Love your neighbour as yourself – I am God. (Leviticus 19:18)
Growing up in the ’60s and ’70s, my earliest memories included time spent watching TV shows, from The Brady Bunch to Sesame Street. The long-standing PBS children’s show, Mister Rogers’ Neighborhood, seemed old-fashioned and corny by comparison, but surprisingly, every word of its theme song came back to me at a recent screening of Won’t You Be My Neighbor?. The powerful documentary examines the unique life and work of Fred Rogers – producer, writer and host of the show, as well as composer of its music and ordained minister. As the story unfolds, it becomes apparent that Jewish concepts serve as underlying themes in this extraordinary man’s influential life and work.

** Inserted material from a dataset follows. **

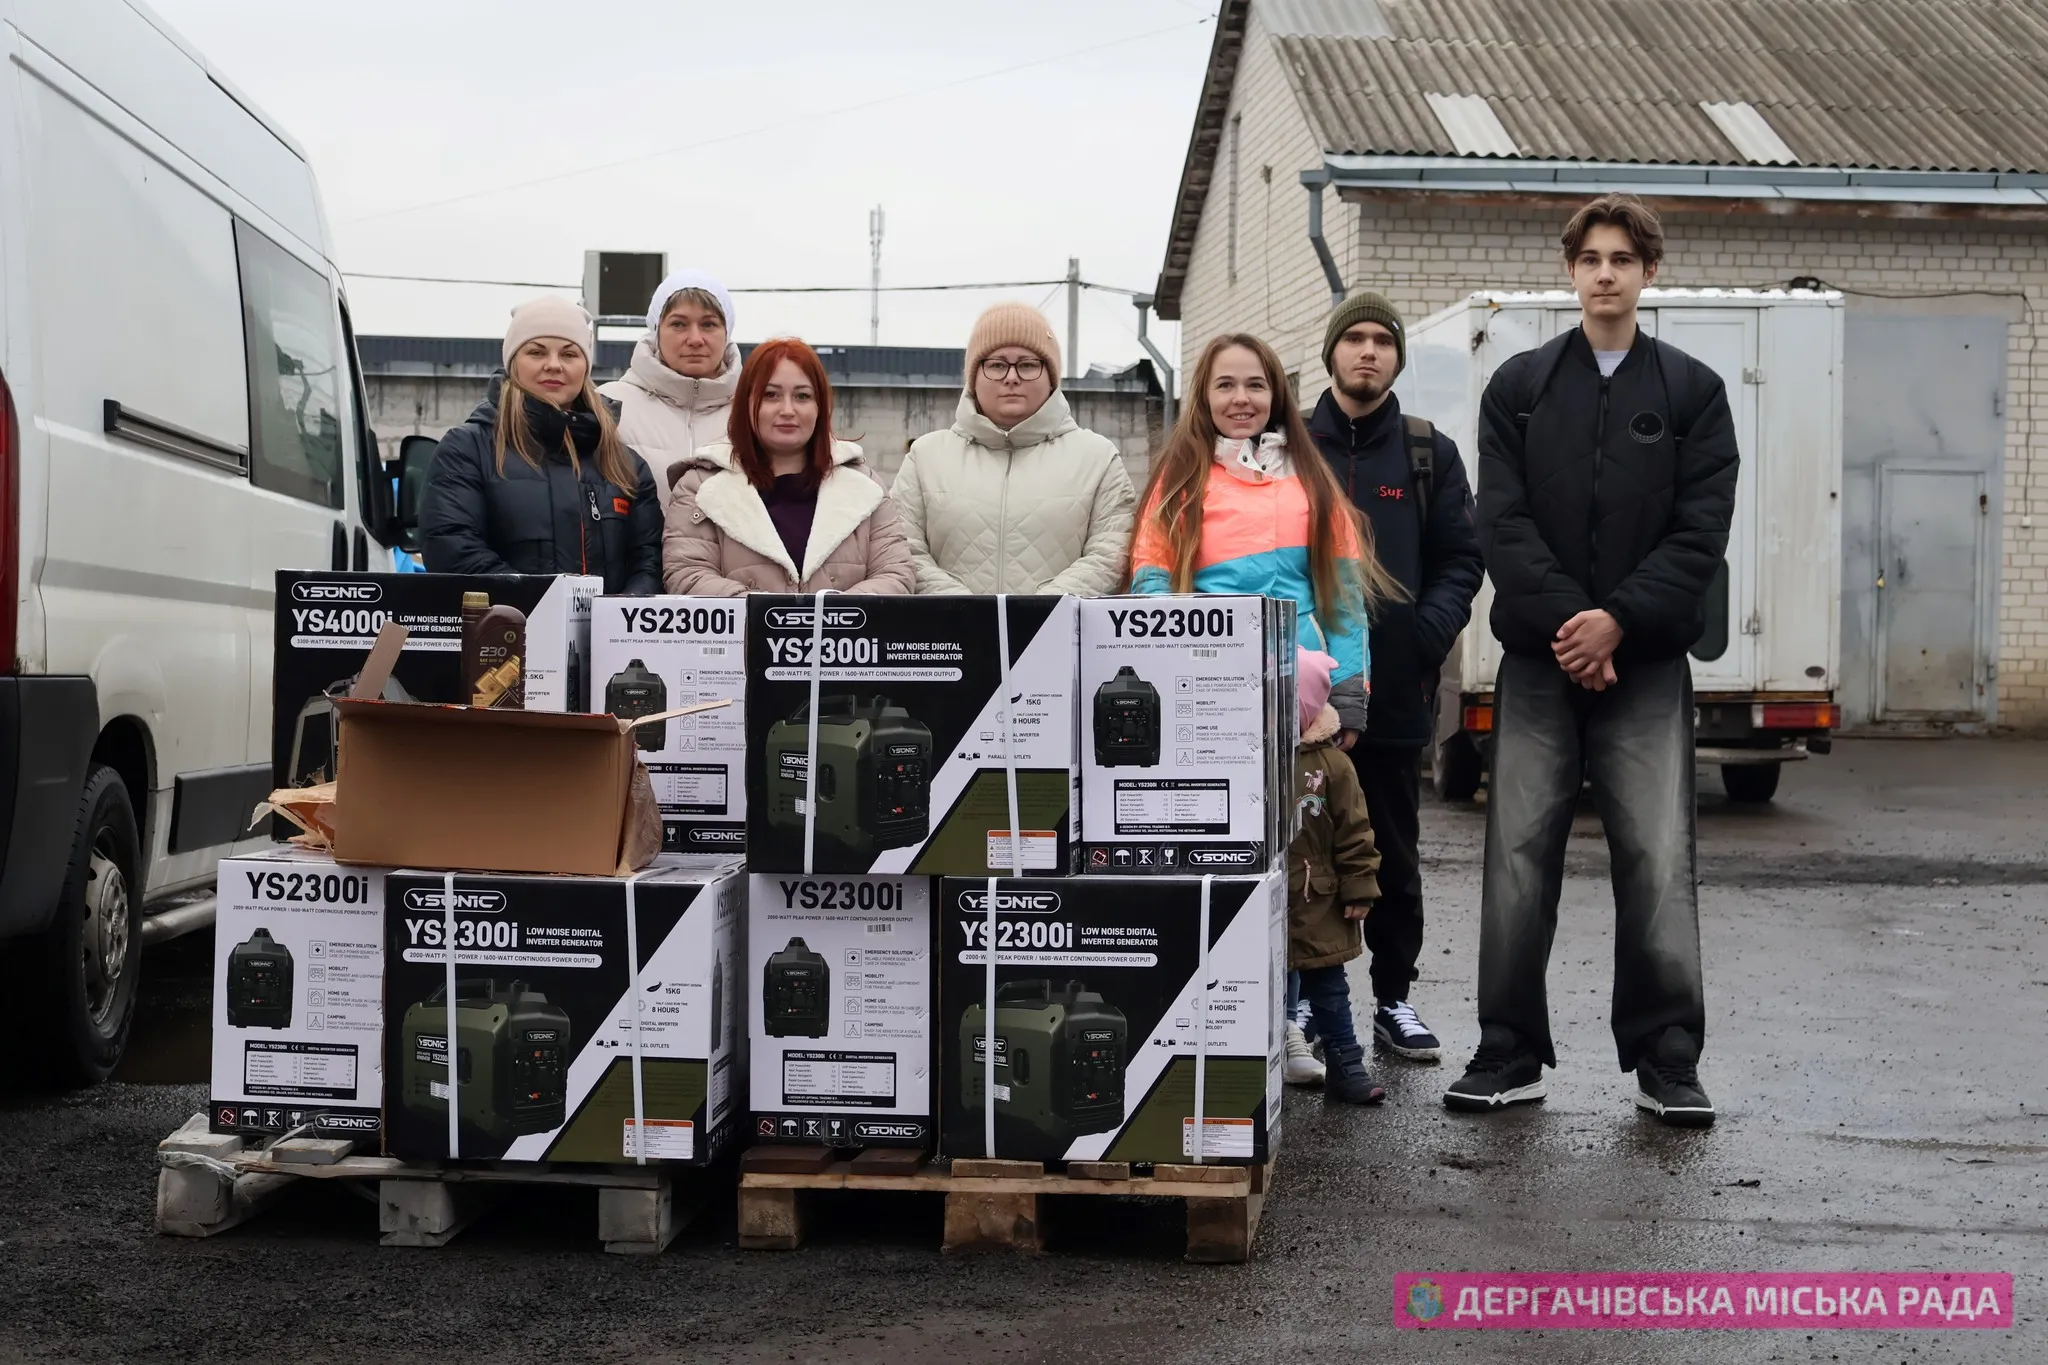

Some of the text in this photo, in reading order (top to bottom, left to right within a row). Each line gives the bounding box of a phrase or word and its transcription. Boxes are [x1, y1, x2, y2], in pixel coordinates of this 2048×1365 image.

A fierce and passionate advocate for public television, Rogers was relentless in his vision and often prescient in his views. A deeply religious man, his life was devoted to using his creativity and talent to bring an educational message of brotherly love and understanding to his young audience. Disturbed by what he saw as the soulless commercialization of early children’s programming, he crafted an imaginary kingdom of trolleys, people and puppets for which he provided all the voices, as well as the music. This seemingly innocent and quaint world became a forum and safe space for discussing all manner of tough topics of the day – racism, disability, the Vietnam war, even the assassination of Robert Kennedy – in a clear, compassionate and gentle way. During a time of civil unrest when African Americans were barred from public swimming pools in some Caucasian neighbourhoods, Mr. Rogers invites African American police officer Clemmons to join him in soaking his feet in a tub of cool water on a hot day. A disabled boy in a wheelchair is invited as a special guest who joins the host in a song about tolerance and self-acceptance. These demonstrations of love and compassion go on to positively affect the participants and their families for the rest of their lives, as well as generations of viewers.

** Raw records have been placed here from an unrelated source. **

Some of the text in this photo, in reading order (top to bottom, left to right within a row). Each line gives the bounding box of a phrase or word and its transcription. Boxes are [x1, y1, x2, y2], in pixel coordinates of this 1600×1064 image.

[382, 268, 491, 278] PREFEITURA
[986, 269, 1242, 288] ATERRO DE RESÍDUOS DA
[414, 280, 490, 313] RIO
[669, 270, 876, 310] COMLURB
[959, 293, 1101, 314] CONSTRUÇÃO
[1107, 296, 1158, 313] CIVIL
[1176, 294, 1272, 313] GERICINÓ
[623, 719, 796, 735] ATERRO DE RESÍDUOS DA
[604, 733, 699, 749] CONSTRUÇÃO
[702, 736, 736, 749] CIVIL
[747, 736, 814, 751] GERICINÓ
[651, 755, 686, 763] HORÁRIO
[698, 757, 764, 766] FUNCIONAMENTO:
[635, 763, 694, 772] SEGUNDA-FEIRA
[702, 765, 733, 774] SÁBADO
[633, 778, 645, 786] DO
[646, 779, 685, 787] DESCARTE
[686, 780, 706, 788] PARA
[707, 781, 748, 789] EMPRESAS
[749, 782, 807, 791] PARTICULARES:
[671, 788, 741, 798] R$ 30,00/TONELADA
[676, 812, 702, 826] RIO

Twenty years after the Holocaust, humanism was an important theme for Rogers, a true pioneer and giant in his field who remained a fixture on television until his untimely death in 2003. But if we look deeper, we see that for Rogers the first step to tolerance of others is self-acceptance, and he uses his own life as a model for others to follow. A difficult childhood is alluded to in the film, while his study and performance of music is revealed to be both a sanctuary and tool to reach his audience. His emphasis on self-acceptance brings to mind that most famous quote of Hillel the Elder:
If I am not for myself, who will be for me? But if I am only for myself, what am I? And if not now, when?

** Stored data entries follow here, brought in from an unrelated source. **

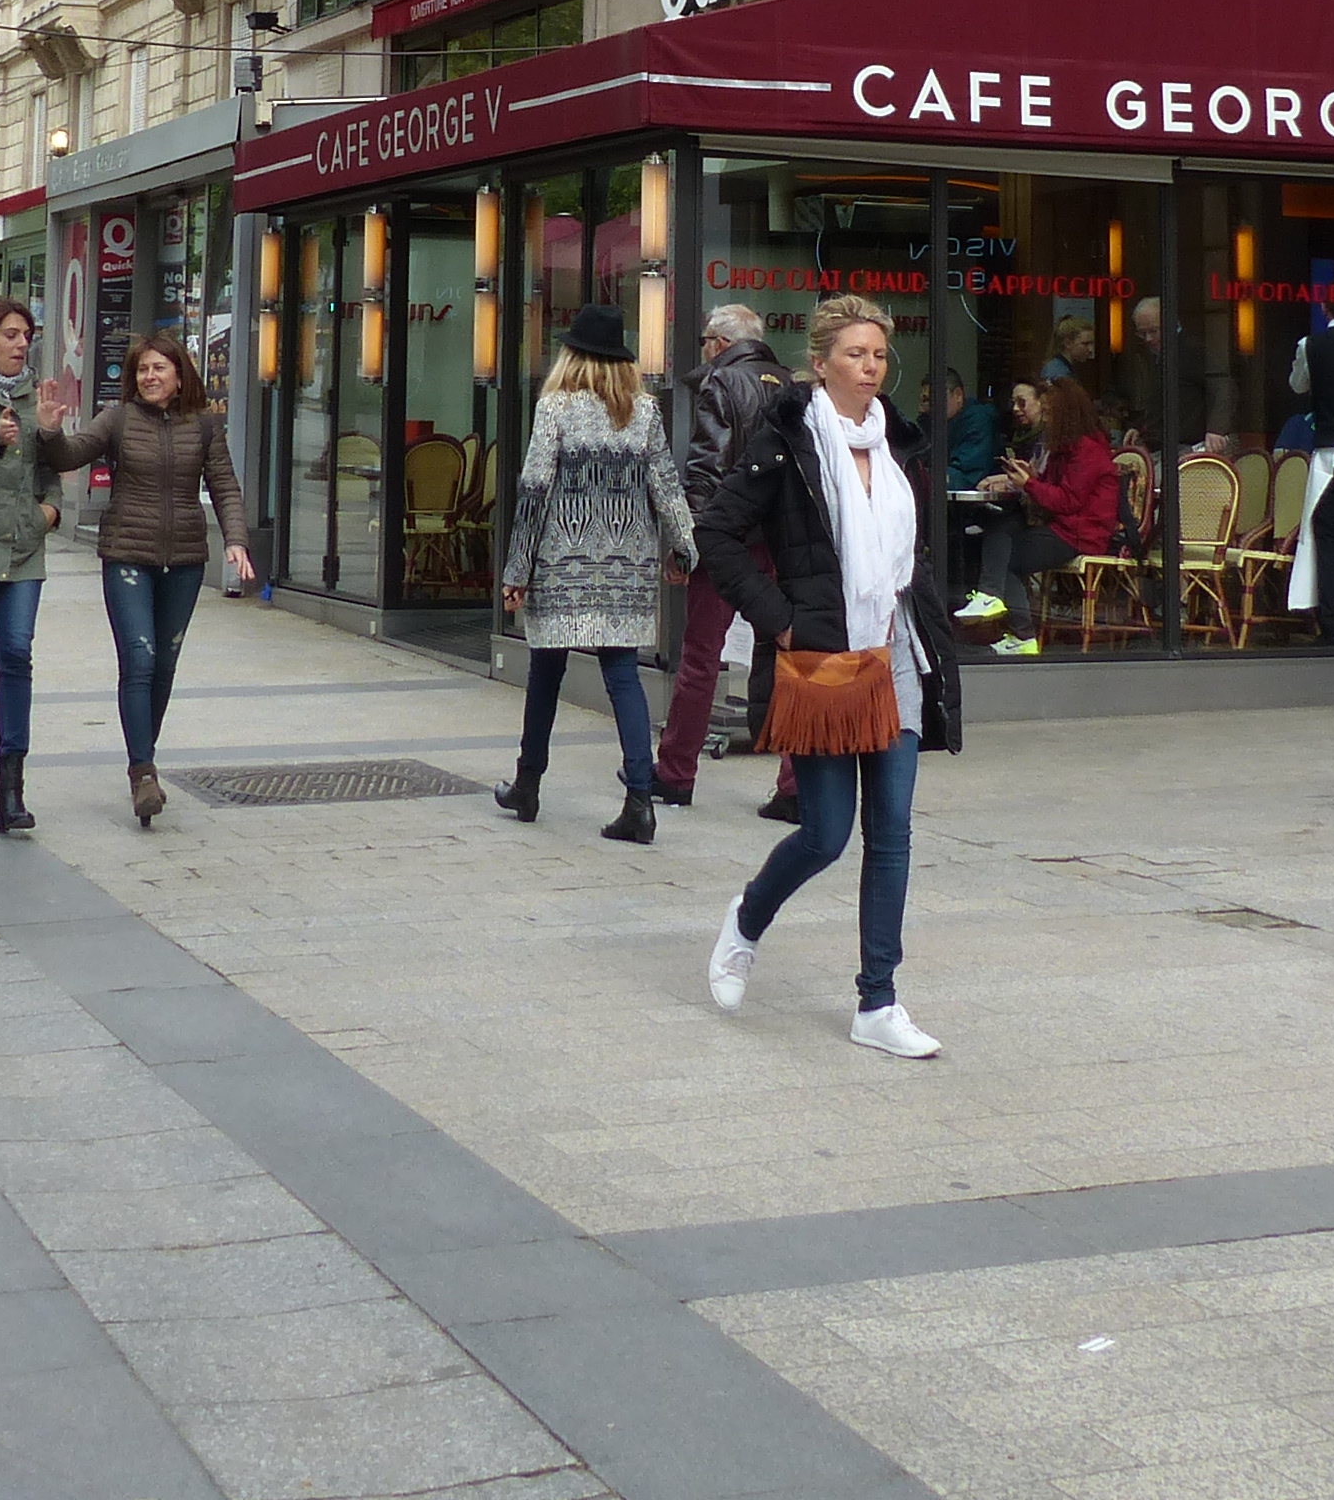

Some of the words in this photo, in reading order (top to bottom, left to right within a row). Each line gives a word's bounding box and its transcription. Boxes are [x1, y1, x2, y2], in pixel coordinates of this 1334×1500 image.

[852, 64, 1052, 128] CAFE
[316, 122, 370, 176] CAFE
[376, 91, 475, 161] GEORGE
[484, 85, 503, 136] V
[103, 217, 135, 258] Q
[102, 261, 134, 272] Quick
[965, 266, 1135, 299] CAPPUCCINO

These timeless words of wisdom from our ancient Jewish texts couldn’t ring more true. At a time when anti-Semitism is on the rise and the connection of the Jewish people to its ancient homeland is being questioned, it remains more vital than ever to re-examine our religious, historical and cultural heritage, and to recognize the commonality of our fundamental human values. After three decades on the air, Mister Rogers’ Neighborhood became an American institution. Asked for words of encouragement after 9/11, Rogers references the Jewish concept of tikkun olam, urging his audience to help repair the world and care for each other.